Pietro era nato qui, a Valderice, il 21 agosto del 1956, nel pieno di una delle tipiche e caldi estate siciliane. Mamma Antonina gestiva un piccolo negozio di generi alimentari proprio di fronte alla caserma dei Carabinieri. E Pietro era cresciuto passando ogni giorno davanti a quella caserma, osservando incuriosito il lavoro di quegli uomini in divisa e rimanendone via via sempre più affascinato. È del tutto probabile che questa circostanza fortuita abbia condizionato le scelte di questo bambino una volta diventato adulto.

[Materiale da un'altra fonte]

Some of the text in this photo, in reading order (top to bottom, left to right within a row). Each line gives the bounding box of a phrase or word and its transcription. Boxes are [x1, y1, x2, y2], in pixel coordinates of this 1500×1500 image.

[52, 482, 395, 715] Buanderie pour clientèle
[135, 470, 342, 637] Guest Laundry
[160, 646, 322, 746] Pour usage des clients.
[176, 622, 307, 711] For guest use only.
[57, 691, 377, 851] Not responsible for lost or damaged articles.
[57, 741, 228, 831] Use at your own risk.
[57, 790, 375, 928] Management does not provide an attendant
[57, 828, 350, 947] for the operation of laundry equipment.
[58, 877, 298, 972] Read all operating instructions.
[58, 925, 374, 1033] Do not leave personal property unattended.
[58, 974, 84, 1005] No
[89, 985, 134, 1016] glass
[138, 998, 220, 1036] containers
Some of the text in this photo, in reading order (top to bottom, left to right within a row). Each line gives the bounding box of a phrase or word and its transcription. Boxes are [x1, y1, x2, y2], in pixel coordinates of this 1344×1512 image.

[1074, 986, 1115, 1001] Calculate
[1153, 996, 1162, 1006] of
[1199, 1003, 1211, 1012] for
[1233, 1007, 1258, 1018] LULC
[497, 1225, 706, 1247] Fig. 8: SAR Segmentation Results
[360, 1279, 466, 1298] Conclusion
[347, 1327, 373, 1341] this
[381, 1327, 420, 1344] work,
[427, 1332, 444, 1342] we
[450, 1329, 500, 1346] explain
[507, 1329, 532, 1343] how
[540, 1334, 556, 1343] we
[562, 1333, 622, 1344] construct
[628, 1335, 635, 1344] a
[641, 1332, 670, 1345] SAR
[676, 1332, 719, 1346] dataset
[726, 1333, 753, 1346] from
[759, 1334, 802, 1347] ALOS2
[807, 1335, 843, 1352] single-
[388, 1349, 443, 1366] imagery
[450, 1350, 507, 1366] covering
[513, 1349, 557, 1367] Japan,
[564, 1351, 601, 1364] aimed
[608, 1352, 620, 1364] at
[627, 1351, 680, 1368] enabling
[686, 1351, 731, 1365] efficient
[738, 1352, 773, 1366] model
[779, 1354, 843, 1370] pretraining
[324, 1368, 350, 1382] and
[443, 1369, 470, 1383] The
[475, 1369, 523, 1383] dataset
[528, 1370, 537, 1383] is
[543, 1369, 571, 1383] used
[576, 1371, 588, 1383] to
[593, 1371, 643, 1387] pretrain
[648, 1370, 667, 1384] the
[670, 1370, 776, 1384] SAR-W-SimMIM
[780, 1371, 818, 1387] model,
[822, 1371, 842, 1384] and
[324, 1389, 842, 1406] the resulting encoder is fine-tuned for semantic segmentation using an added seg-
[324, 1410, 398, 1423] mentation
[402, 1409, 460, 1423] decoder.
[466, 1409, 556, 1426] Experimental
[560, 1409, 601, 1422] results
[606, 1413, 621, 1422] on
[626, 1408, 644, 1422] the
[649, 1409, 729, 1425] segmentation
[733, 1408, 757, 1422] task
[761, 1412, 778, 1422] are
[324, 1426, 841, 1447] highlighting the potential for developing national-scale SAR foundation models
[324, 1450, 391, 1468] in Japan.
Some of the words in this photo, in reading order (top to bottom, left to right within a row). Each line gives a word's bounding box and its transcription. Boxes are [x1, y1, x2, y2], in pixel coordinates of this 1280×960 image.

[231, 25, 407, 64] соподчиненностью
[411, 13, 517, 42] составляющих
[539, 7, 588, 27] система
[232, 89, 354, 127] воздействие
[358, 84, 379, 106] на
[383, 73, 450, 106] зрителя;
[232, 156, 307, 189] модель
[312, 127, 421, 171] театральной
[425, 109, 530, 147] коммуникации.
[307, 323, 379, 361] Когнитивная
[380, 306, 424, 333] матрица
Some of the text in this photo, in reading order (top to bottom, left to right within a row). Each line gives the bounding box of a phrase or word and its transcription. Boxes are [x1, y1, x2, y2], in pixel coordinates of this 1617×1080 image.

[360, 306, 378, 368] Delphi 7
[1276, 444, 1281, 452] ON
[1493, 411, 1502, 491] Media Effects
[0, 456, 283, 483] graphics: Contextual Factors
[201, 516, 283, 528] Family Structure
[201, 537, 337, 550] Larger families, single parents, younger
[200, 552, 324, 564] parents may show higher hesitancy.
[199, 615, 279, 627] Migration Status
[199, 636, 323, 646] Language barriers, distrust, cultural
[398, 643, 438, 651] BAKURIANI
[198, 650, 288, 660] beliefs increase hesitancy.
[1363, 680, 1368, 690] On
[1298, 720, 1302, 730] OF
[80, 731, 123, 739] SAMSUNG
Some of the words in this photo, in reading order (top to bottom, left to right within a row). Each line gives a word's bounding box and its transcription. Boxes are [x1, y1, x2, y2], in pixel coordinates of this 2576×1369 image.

A Valderice Pietro aveva frequentato le scuole elementari e le medie. Terminati gli studi, il lavoro nel negozio di famiglia era diventato più assiduo e regolare. Era un ragazzino allegro e vivace, con un carattere socievole. Sua madre aveva bisogno di aiuto e a Pietro non dispiaceva affatto darle una mano. Del resto, trascorrere le sue giornate in quella bottega gli aveva consentito di conoscere e confrontarsi spesso con i militari in servizio presso la vicina caserma. Ogni occasione era buona per provare a entrare in quel mondo che tanto lo affascinava. Fino alla scelta definitiva, che avrebbe cambiato per sempre la sua vita, di arruolarsi e di indossare anch’egli quella divisa.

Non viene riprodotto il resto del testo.